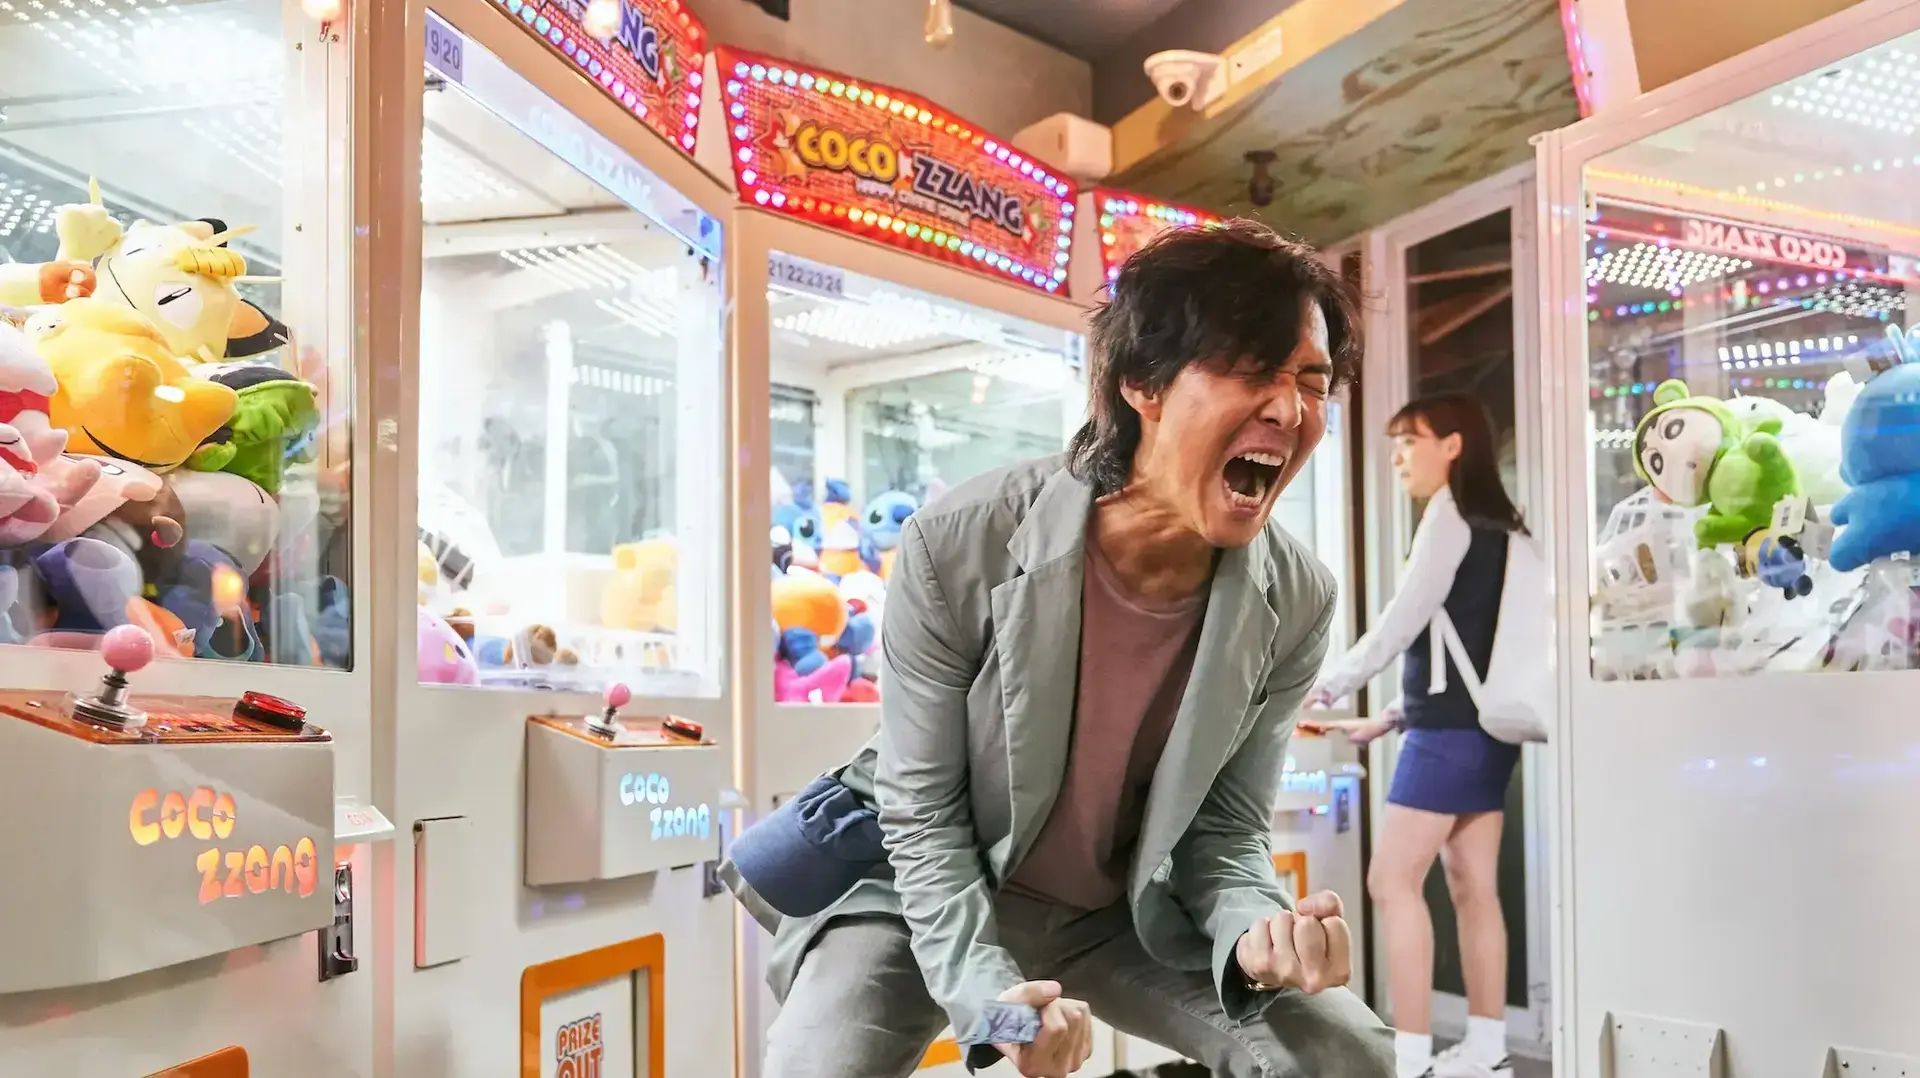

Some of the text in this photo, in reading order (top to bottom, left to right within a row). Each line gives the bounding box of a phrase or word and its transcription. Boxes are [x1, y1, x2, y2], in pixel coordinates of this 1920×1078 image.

[443, 38, 461, 70] 20
[796, 122, 898, 183] COCO
[912, 152, 1024, 236] ZZANG
[787, 264, 804, 285] 22
[557, 1013, 602, 1062] PRIZE
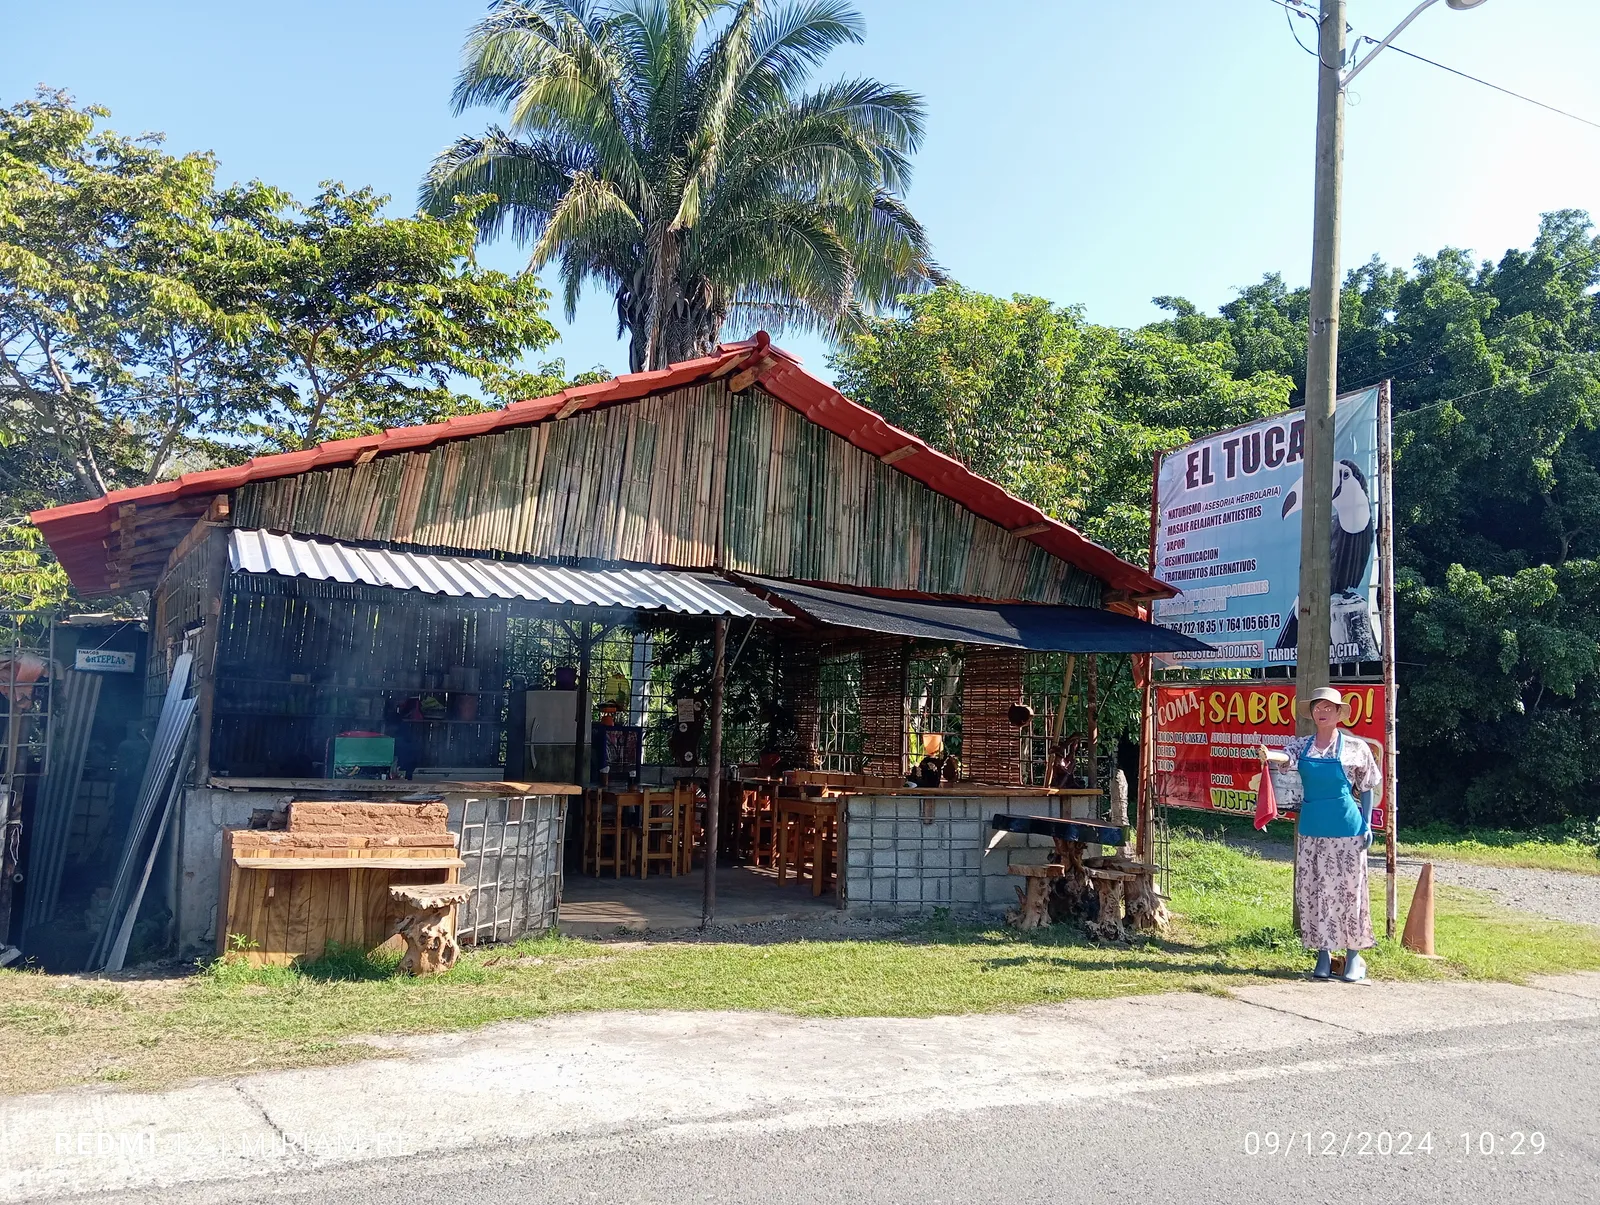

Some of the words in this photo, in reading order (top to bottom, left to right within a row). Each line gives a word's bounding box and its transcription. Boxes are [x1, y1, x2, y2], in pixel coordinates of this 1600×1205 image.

--- Work required ---
With the images omitted, retype the records above exactly.

--- Worked solution ---
Some of the text in this photo, in reading order (top to bottom, left to right within a row). Each line gives the bounding box of a phrase or word and its transcription. Boxes are [x1, y1, x2, y2], in pixel coordinates of this 1920×1078 image.

[443, 38, 461, 70] 20
[796, 122, 898, 183] COCO
[912, 152, 1024, 236] ZZANG
[787, 264, 804, 285] 22
[557, 1013, 602, 1062] PRIZE

Some of the words in this photo, in reading order (top to bottom, left to right within a row). Each line gives a word's bounding box and its transcription. Boxes are [x1, y1, x2, y2], in pixel coordinates of this 1600×1205 image.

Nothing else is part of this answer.